There’s an older man with a nice smile but whose name I don’t know, that changes the television channel to CMT because he knows I like watching it. Another woman with bleached blond hair and a body that I would kill for works out on the elliptical machine next to me. She cracks me up every morning as she complains about cardio machines because she gets bored with it but needs it because she claims she has some fat on her that I have yet to see. I smile because I have no idea what to say since I see no fat peeking between her sports bra and spandex yoga pants. But I like her and her excessive bubbliness because she comments on how hard I’ve been working and swears I’ve lost weight even though the scale begs to differ. But I don’t tell her that. I just say ‘thank you’ as she takes off on another conversation with the nice man she comes in with every morning.
There’s another couple that doesn’t say anything to anyone but a few people. He is tall, muscular and formidable looking. His companion is pretty, shapely in all the right places and about as tall as he is. Another young woman comes over and talks with them and she is nearly perfect in every way. I comfort myself with the hopes this woman has probably never had children which is why her waist is maybe a size two and the implants are the reason her boobs are the right size and not sagging. I hope it’s not genetics because that would be unfair. I haven’t had the guts to make small talk with any of them yet. They remind me too much of high school, the jocks and the cheerleaders that made fun of me every chance they got.
The truth is that is the reason I didn’t want a gym membership at first. I was afraid that it would be filled with the Ken and Barbies of the world. I reverted back to the fears and trepidations of high school locker rooms. I had been the brunt of too many mean words and rude jokes to even attend my ten year reunion much less subject myself to the grown-up versions in the local gym.

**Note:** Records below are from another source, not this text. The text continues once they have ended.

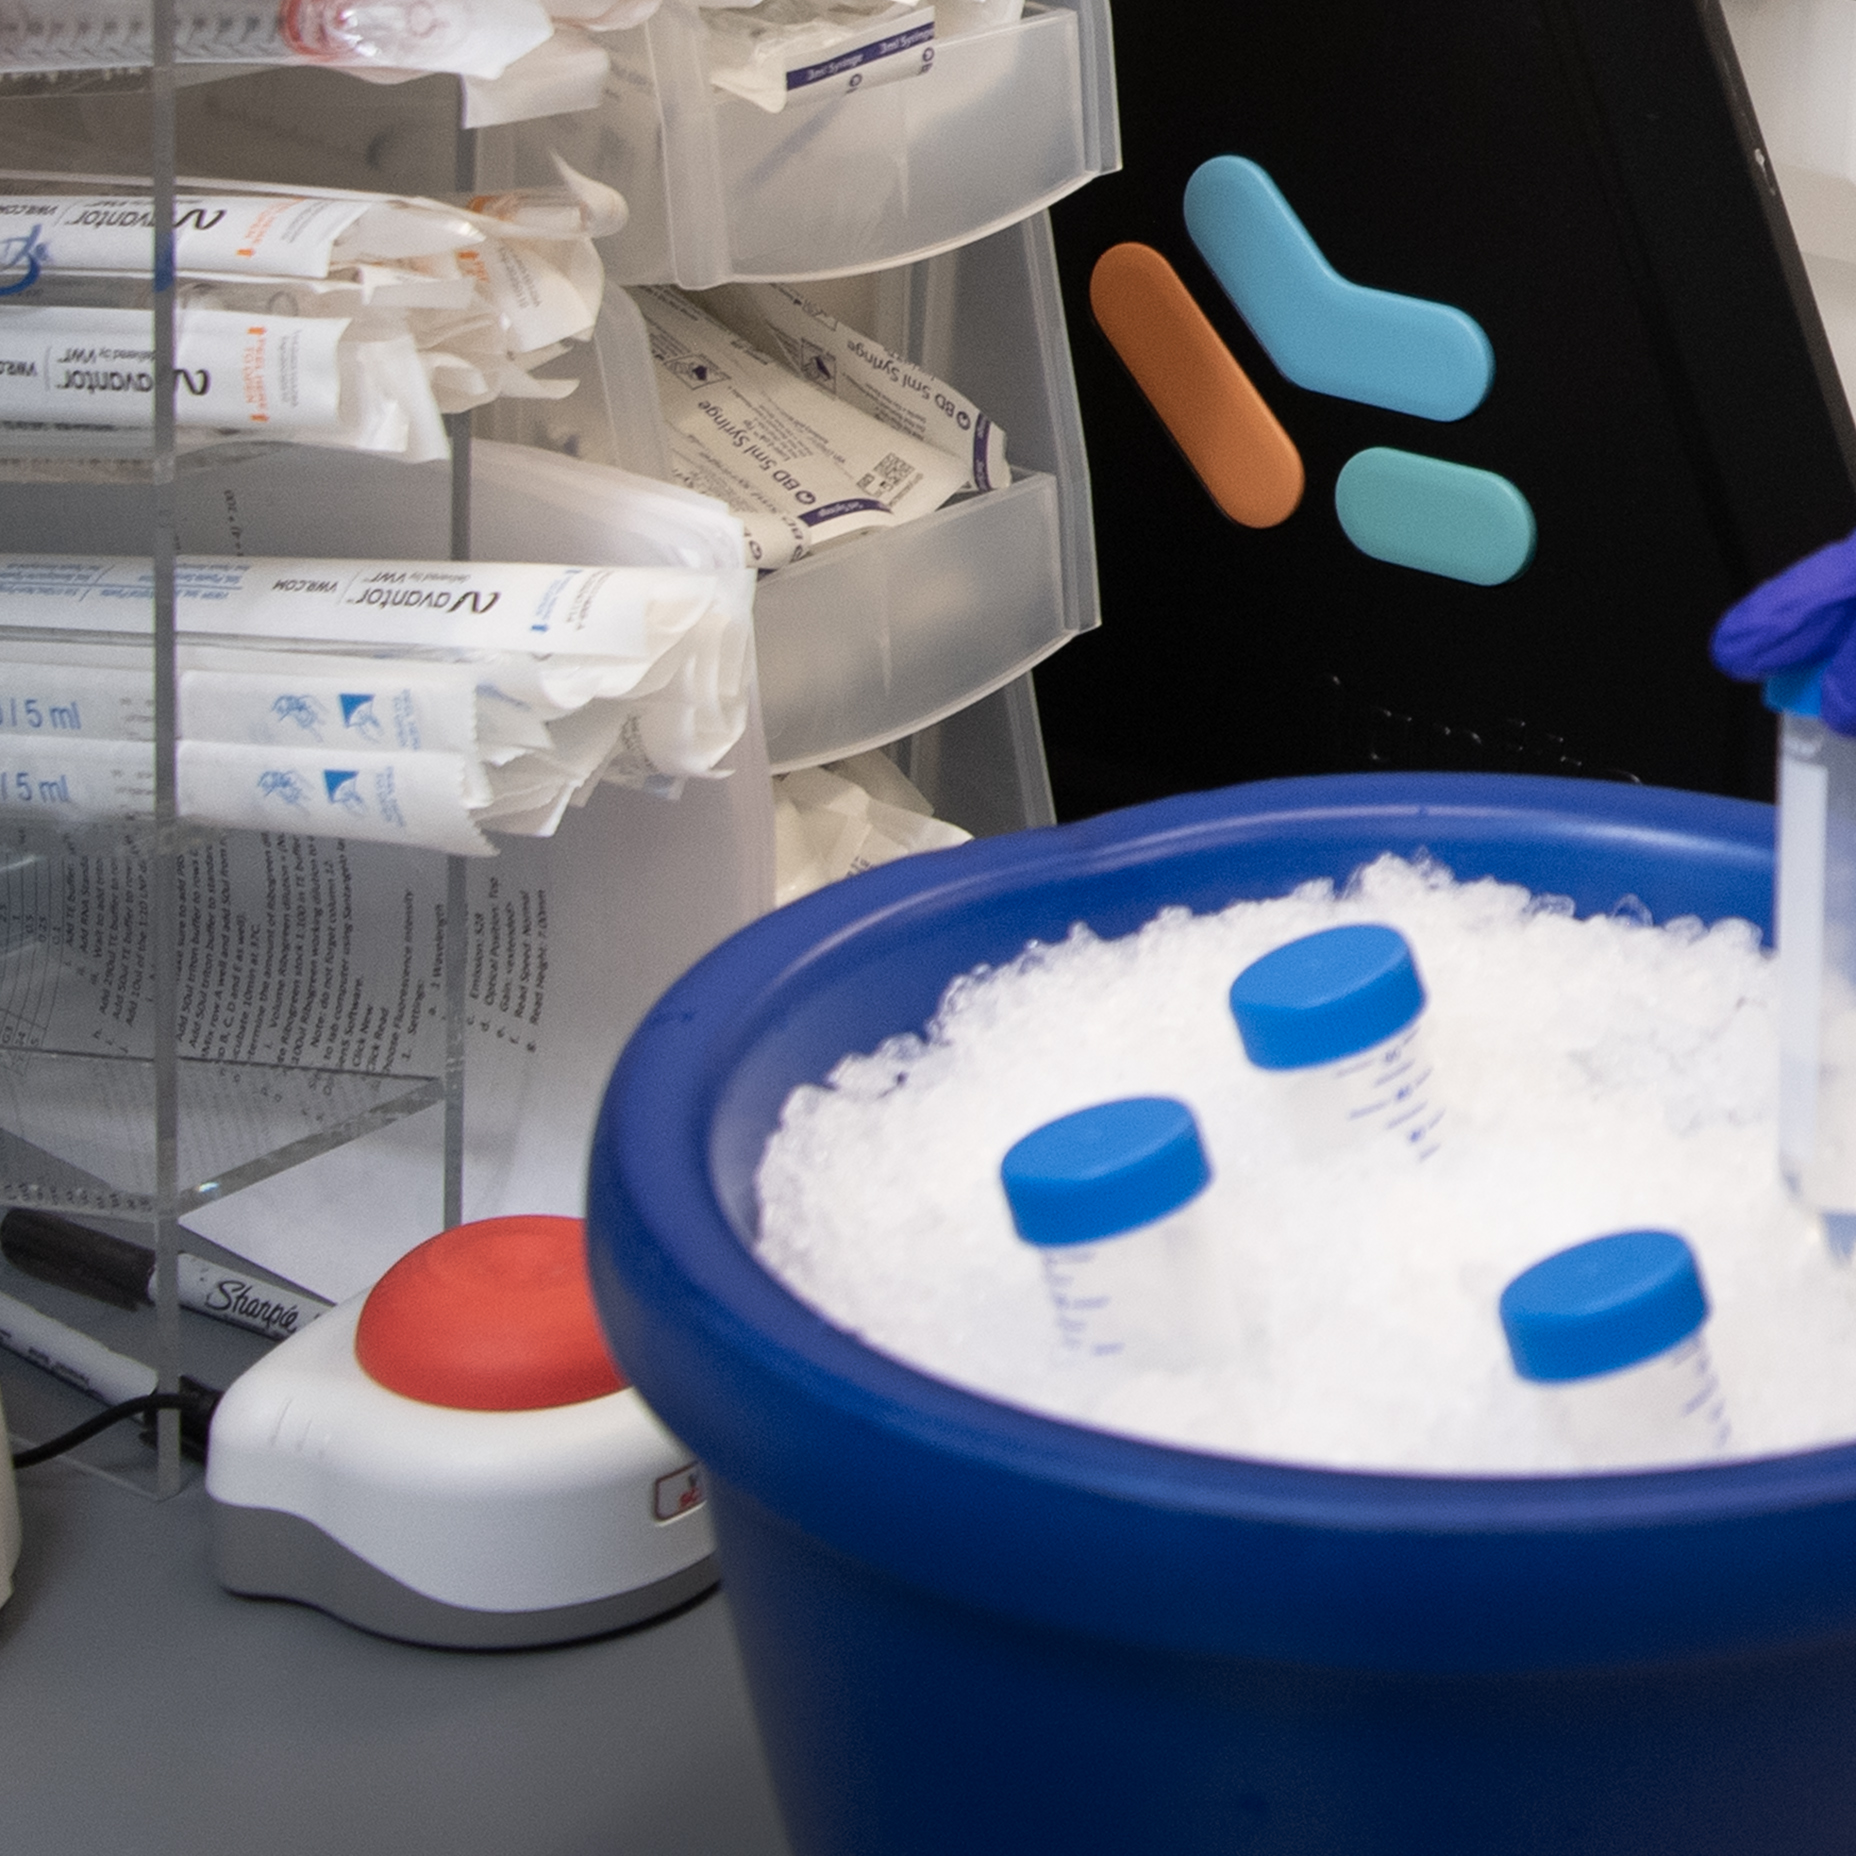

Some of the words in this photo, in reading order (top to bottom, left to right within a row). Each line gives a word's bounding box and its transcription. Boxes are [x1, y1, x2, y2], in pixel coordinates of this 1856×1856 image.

[826, 52, 864, 73] Syringe
[844, 339, 900, 387] Syringe
[58, 369, 155, 395] avantor
[901, 372, 931, 402] 5ml
[932, 392, 956, 419] BD
[697, 400, 750, 448] Syringe
[743, 443, 777, 472] 5ml
[771, 470, 800, 491] BD
[272, 578, 339, 596] VWR.COM
[354, 588, 452, 610] avantor
[25, 698, 44, 729] 5
[50, 700, 83, 731] ml
[15, 771, 33, 803] 5
[39, 774, 71, 804] ml
[205, 1279, 300, 1334] Sharpie

What I didn’t account for were the nice, normal people I have met. Now we actually talk for a few minutes instead of the casual nod. I know some of their names and routines. I look forward to seeing them first thing in the morning. Their smiles and encouragement wake me up better than a hot cup of coffee. We are all there for different things: getting in shape, talking with friends, hobnobbing with each other; the same people at the same time on the same days. Kind of like a bar, only without drunk people and we have more energy due to the serotonin high. There’s camaraderie between us that I never counted on as we rub elbows and sweat together under the same roof.

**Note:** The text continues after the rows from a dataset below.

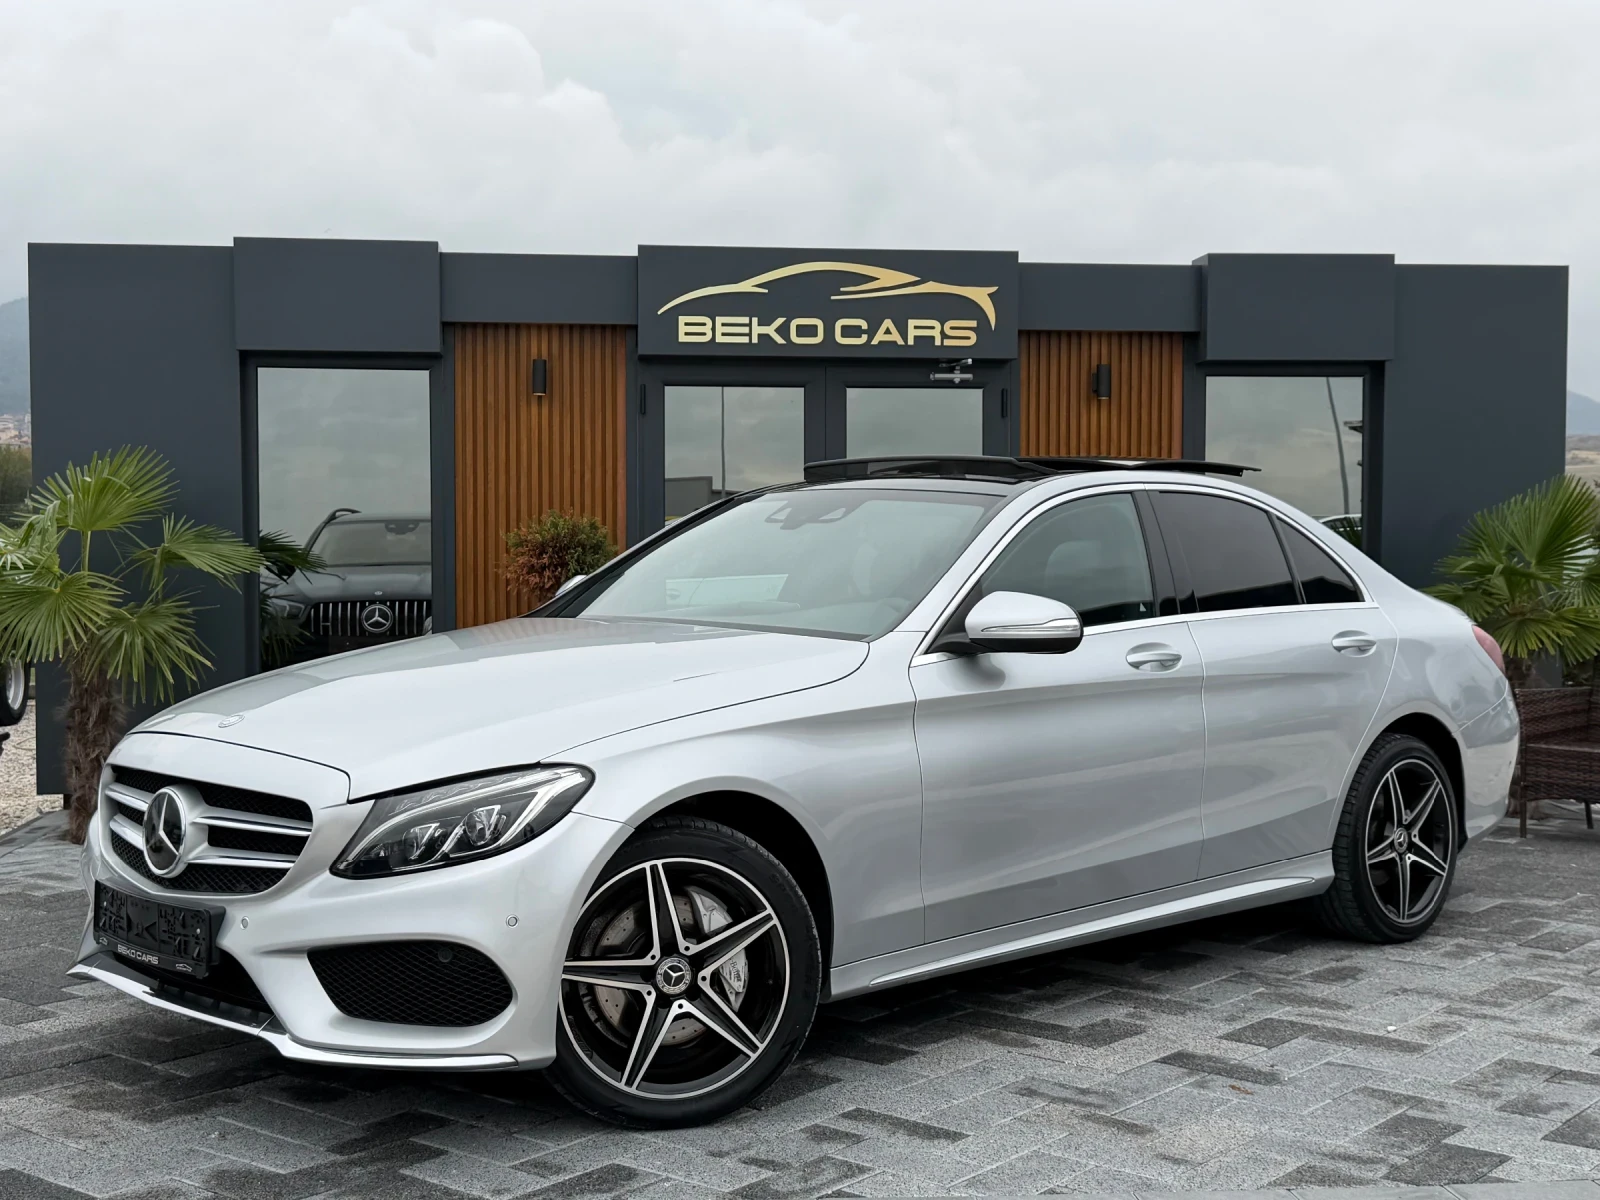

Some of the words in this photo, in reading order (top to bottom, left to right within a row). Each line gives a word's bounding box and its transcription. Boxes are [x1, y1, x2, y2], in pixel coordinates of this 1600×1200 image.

[678, 315, 824, 345] BEKO
[834, 318, 978, 347] CARS
[117, 944, 136, 958] BEKO
[136, 951, 159, 965] CARS
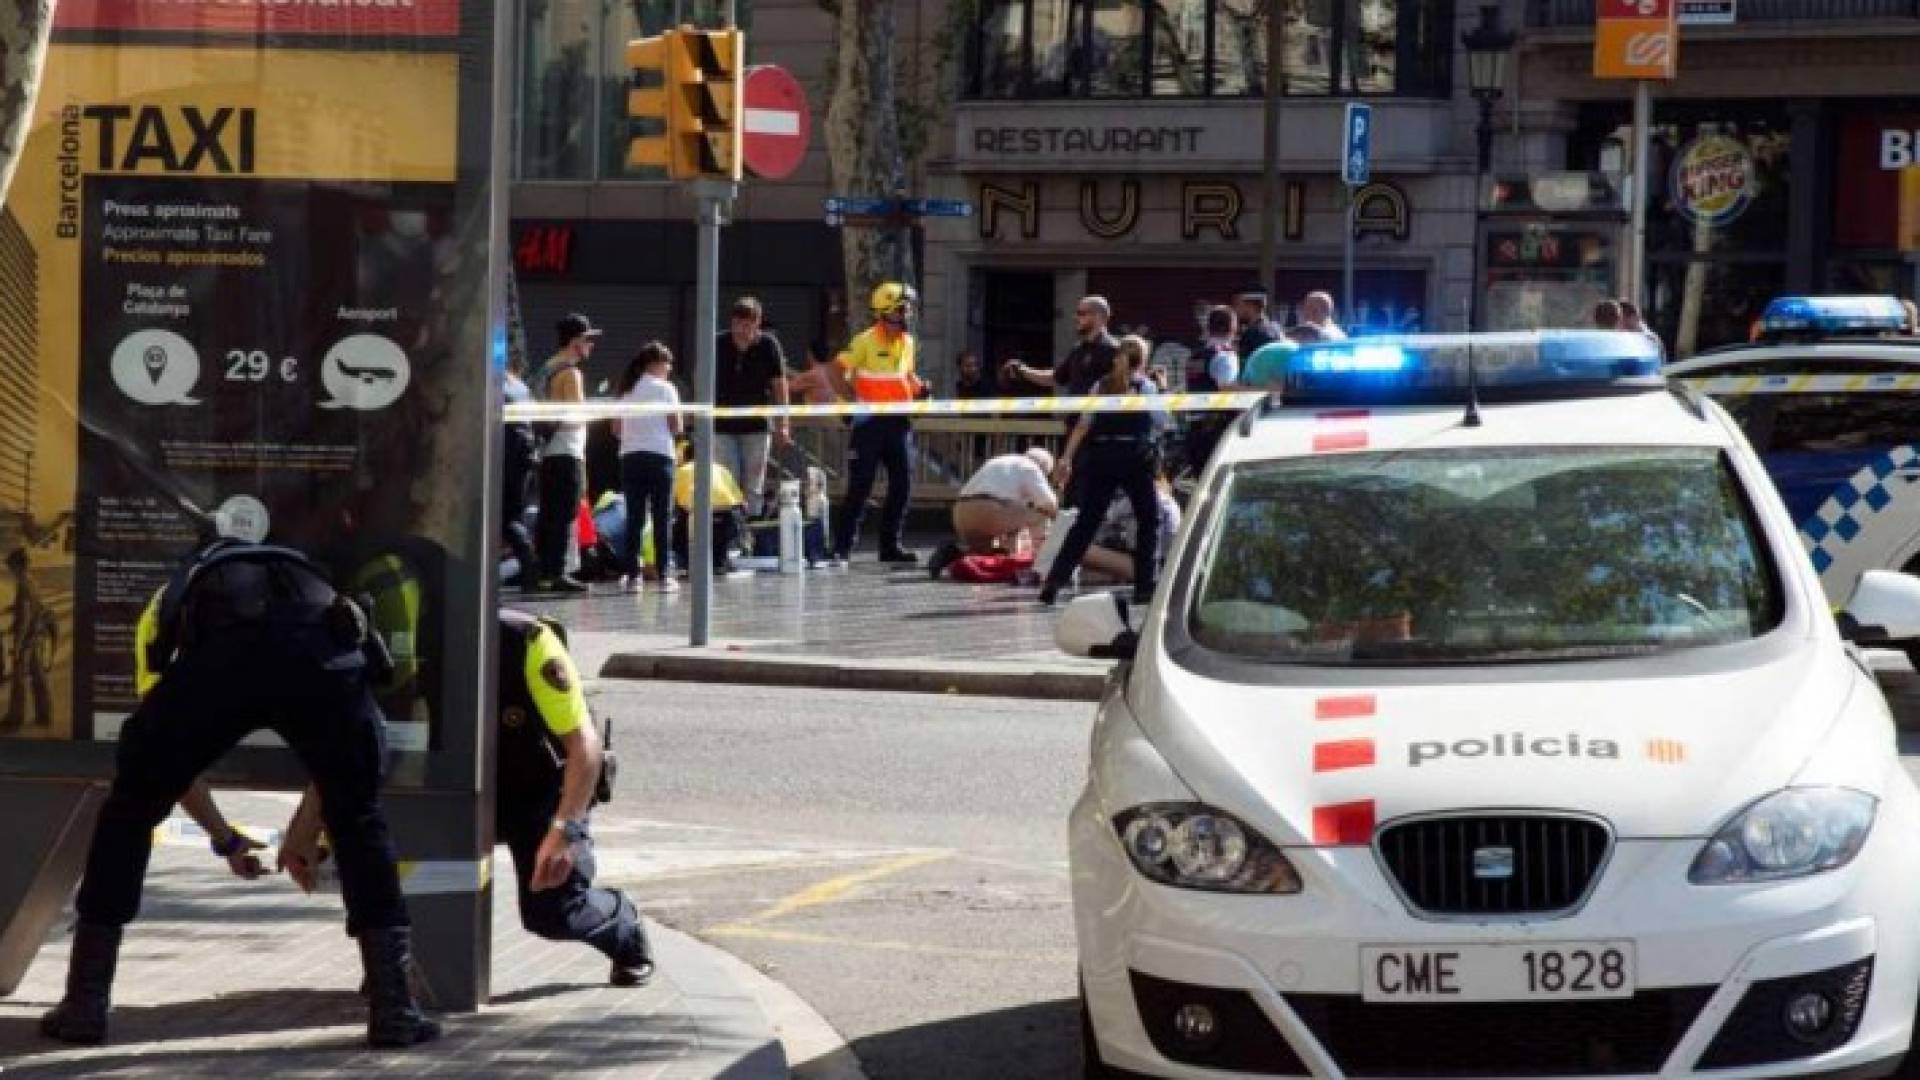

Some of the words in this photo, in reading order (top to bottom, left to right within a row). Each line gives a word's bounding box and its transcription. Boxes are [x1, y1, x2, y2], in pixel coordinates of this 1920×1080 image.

This last week my family and I went out of town on vacation and I have to admit it was nice to get away from the gym at first. But as the days wound down and we prepared to leave for home I was surprised at how excited I was to workout with my friends again. I wondered if “Miss Perky’s” son has come home from the fire he was fighting a state away. I looked forward to seeing the desk girl again and asking how her vacation was. I thought of the older gentleman that always teases me and reminds me of my Papa when he was healthy.
Tomorrow is Tuesday and I’ll be back on my stair stepper/bike/elliptical program again, feeling very much like a hamster on a wheel. But I don’t dread the pain or ponder the future hope of fitting twelve-year-old jeans, I just think about seeing my friends, whose names I don’t remember but whose faces I think of fondly.